The Centre for Responsible Tourism wishes to raise some pointed questions and demands answers from the government back to the people.

  1. Why is this whole exercise undertaken without any kind of transparency in policy making? (Casual press clippings do not suffice)
  2. Has the government allowed a serious enough debate in the Assembly on its plan?
  3. Which sections of stakeholders have been consulted and why have the remaining been kept away?
  4. When did the deliberations with different stakeholders that it has consulted and what are the written results of this consultative process?
  5. Why have there been no consultative processes at District, Taluka, and Village level?
  6. Were people living in and around tourism destinations consulted in the policy formation process?
  7. When the deliberations were held, when were they held? Were details of these deliberations put out to the public through key Konkani and English language news papers? Was the venue of these deliberations accessible to all the stakeholders?
  8. Was the informal sector within the tourism industry represented at these consultations? (E.g. street vendors in tourism destinations, tour guides, shack owners, taxi operators, small and medium guess houses, associations of shop owners, sociologists, cultural people?)
  9. Have these discussions been documented? Have the outcome of these discussions found place in the draft policy?
  10. What was the rationale to outsource formation of the tourism policy?
  11. What were the criteria and process used to identify KPMG Advisory services Pvt Ltd, and Tourism and Leisure Advisory Sl (T &L) as the organisation to write the tourism policy?
  12. What background studies were conducted and were impacts of current tourism development assessed prior to formation of the policy? If so, were the outcomes of these studies and assessment considered and reflected in the draft policy?
  13. Why has the draft policy – as now claimed to be done- not been placed in the public domain and comments and suggestions invited from the general public and from people living in and around tourism destinations?

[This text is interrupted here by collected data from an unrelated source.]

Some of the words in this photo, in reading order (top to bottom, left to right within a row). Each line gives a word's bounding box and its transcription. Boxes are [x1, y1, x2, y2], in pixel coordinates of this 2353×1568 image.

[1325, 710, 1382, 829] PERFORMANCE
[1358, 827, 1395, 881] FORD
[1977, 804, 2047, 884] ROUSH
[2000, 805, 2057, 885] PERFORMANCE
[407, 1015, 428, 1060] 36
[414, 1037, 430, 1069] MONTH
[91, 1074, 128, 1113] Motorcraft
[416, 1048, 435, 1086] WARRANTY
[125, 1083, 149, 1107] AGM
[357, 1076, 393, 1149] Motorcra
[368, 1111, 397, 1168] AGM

Policy formation process in the State must be mandatory. This is a principle now widely followed by state and central governments. The Goa Children’s Act is a classic example of wide consultative processes being employed in the formulation of policy.

The Goa Tourism High Level group announced by the government could, at best, have comprised representatives of the formal tourism industry or people who would conform to the government’s goals and narrow premises. However, important stakeholders like the informal sector in tourism, workers in the formal sector and representatives of people living in and around tourism destinations must find space in this group if it to be relevant to all. It is time that the government recognises the role played by the informal sector servicing tourists in the different destinations, the vulnerabilities of the workforce in the formal sector and the price that people in and around tourism destinations pay due to the presence of tourism which results in a loss of access to natural resources, land dispossession, bearing the brunt of negative social impacts like sexual exploitation of marginalised groups (women, children, people from marginalized groups), drug abuse and many such other impacts. That people living in and around tourism destinations are also stakeholders of tourism cannot be contested anymore!

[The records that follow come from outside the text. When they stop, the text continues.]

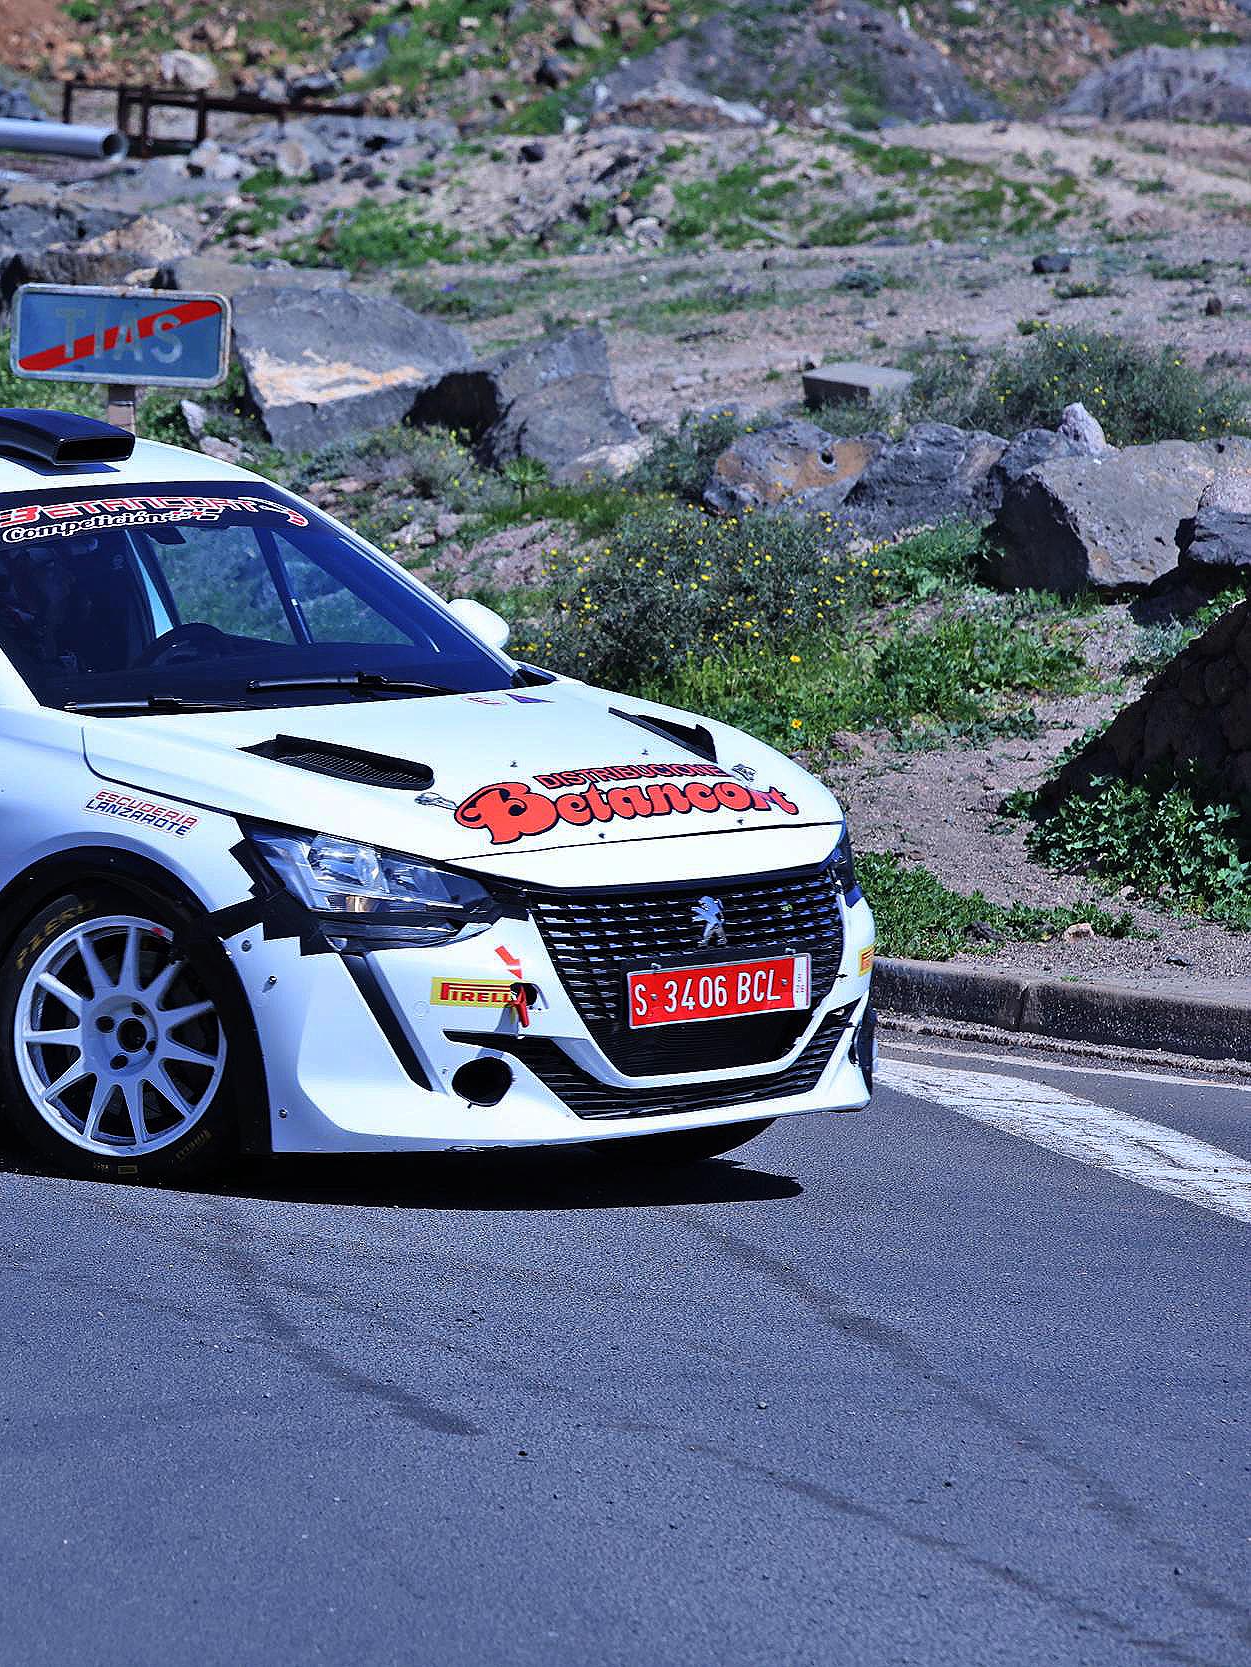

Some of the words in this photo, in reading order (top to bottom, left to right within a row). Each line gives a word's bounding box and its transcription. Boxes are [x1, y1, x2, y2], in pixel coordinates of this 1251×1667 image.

[85, 799, 190, 836] LANZAROTE
[95, 791, 198, 827] ESCUDERIA
[634, 983, 648, 1017] S
[663, 975, 729, 1014] 3406
[737, 968, 782, 1005] BCL

In the light of above we demand the following:

  1. Public meetings based on the draft policy be held in tourism destinations facilitated by the Department of Tourism, Goa.
  2. The draft tourism policy be made public in Konkani and English and be placed in the state tourism office, Collectors office, Panchayats, as well as on the Department’s website.
  3. The Department announces a 30-day period during which time, people and organisations can send in their comments and suggestions on the draft policy.
  4. A Goa Tourism Vision Group be constituted ensuring membership of associations/unions of the informal sector in the tourism industry, representatives of workers unions/associations in the formal sector and presidents of the Zilla Parishads of Goa.

We look forward to the Department of Tourism, Goa being truly democratic in its decision making and uphold these demands. Transparency and people’s participation are the key to successful development.